# Source records
- Opening Delimiter -

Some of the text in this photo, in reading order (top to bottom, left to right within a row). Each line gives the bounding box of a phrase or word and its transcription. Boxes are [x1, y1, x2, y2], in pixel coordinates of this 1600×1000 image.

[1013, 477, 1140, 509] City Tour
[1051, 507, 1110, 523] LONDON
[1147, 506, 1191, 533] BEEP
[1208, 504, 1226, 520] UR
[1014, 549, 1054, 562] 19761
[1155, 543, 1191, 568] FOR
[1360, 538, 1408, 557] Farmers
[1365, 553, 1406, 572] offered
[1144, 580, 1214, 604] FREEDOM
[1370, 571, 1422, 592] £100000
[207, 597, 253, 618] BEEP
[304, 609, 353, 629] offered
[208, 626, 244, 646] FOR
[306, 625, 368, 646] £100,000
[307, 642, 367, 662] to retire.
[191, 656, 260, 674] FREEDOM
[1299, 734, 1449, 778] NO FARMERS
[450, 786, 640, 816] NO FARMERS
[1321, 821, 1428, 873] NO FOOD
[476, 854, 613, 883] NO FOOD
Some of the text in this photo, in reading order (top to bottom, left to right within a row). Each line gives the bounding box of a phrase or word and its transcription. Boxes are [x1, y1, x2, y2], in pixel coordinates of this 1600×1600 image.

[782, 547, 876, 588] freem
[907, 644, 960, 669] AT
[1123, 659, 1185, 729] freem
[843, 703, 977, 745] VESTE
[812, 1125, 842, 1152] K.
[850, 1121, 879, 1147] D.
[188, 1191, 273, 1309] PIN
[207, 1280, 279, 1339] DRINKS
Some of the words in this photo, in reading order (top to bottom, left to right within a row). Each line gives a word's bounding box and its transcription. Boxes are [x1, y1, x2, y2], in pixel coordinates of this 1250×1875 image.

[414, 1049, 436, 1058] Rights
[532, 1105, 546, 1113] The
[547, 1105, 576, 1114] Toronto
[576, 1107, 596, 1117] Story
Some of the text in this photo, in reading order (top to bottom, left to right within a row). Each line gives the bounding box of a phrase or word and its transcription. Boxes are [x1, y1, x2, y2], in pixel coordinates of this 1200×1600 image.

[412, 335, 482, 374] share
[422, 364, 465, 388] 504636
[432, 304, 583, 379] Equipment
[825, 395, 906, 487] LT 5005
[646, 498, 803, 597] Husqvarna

- Closing Delimiter -

# ABOUT THIS EXERCISE
Would you set down all the lines above, exactly and in full?

# TASK ANSWER
Some of the text in this photo, in reading order (top to bottom, left to right within a row). Each line gives the bounding box of a phrase or word and its transcription. Boxes are [x1, y1, x2, y2], in pixel coordinates of this 1600×1000 image.

[1013, 477, 1140, 509] City Tour
[1051, 507, 1110, 523] LONDON
[1147, 506, 1191, 533] BEEP
[1208, 504, 1226, 520] UR
[1014, 549, 1054, 562] 19761
[1155, 543, 1191, 568] FOR
[1360, 538, 1408, 557] Farmers
[1365, 553, 1406, 572] offered
[1144, 580, 1214, 604] FREEDOM
[1370, 571, 1422, 592] £100000
[207, 597, 253, 618] BEEP
[304, 609, 353, 629] offered
[208, 626, 244, 646] FOR
[306, 625, 368, 646] £100,000
[307, 642, 367, 662] to retire.
[191, 656, 260, 674] FREEDOM
[1299, 734, 1449, 778] NO FARMERS
[450, 786, 640, 816] NO FARMERS
[1321, 821, 1428, 873] NO FOOD
[476, 854, 613, 883] NO FOOD
Some of the text in this photo, in reading order (top to bottom, left to right within a row). Each line gives the bounding box of a phrase or word and its transcription. Boxes are [x1, y1, x2, y2], in pixel coordinates of this 1600×1600 image.

[782, 547, 876, 588] freem
[907, 644, 960, 669] AT
[1123, 659, 1185, 729] freem
[843, 703, 977, 745] VESTE
[812, 1125, 842, 1152] K.
[850, 1121, 879, 1147] D.
[188, 1191, 273, 1309] PIN
[207, 1280, 279, 1339] DRINKS
Some of the words in this photo, in reading order (top to bottom, left to right within a row). Each line gives a word's bounding box and its transcription. Boxes are [x1, y1, x2, y2], in pixel coordinates of this 1250×1875 image.

[414, 1049, 436, 1058] Rights
[532, 1105, 546, 1113] The
[547, 1105, 576, 1114] Toronto
[576, 1107, 596, 1117] Story
Some of the text in this photo, in reading order (top to bottom, left to right within a row). Each line gives the bounding box of a phrase or word and its transcription. Boxes are [x1, y1, x2, y2], in pixel coordinates of this 1200×1600 image.

[412, 335, 482, 374] share
[422, 364, 465, 388] 504636
[432, 304, 583, 379] Equipment
[825, 395, 906, 487] LT 5005
[646, 498, 803, 597] Husqvarna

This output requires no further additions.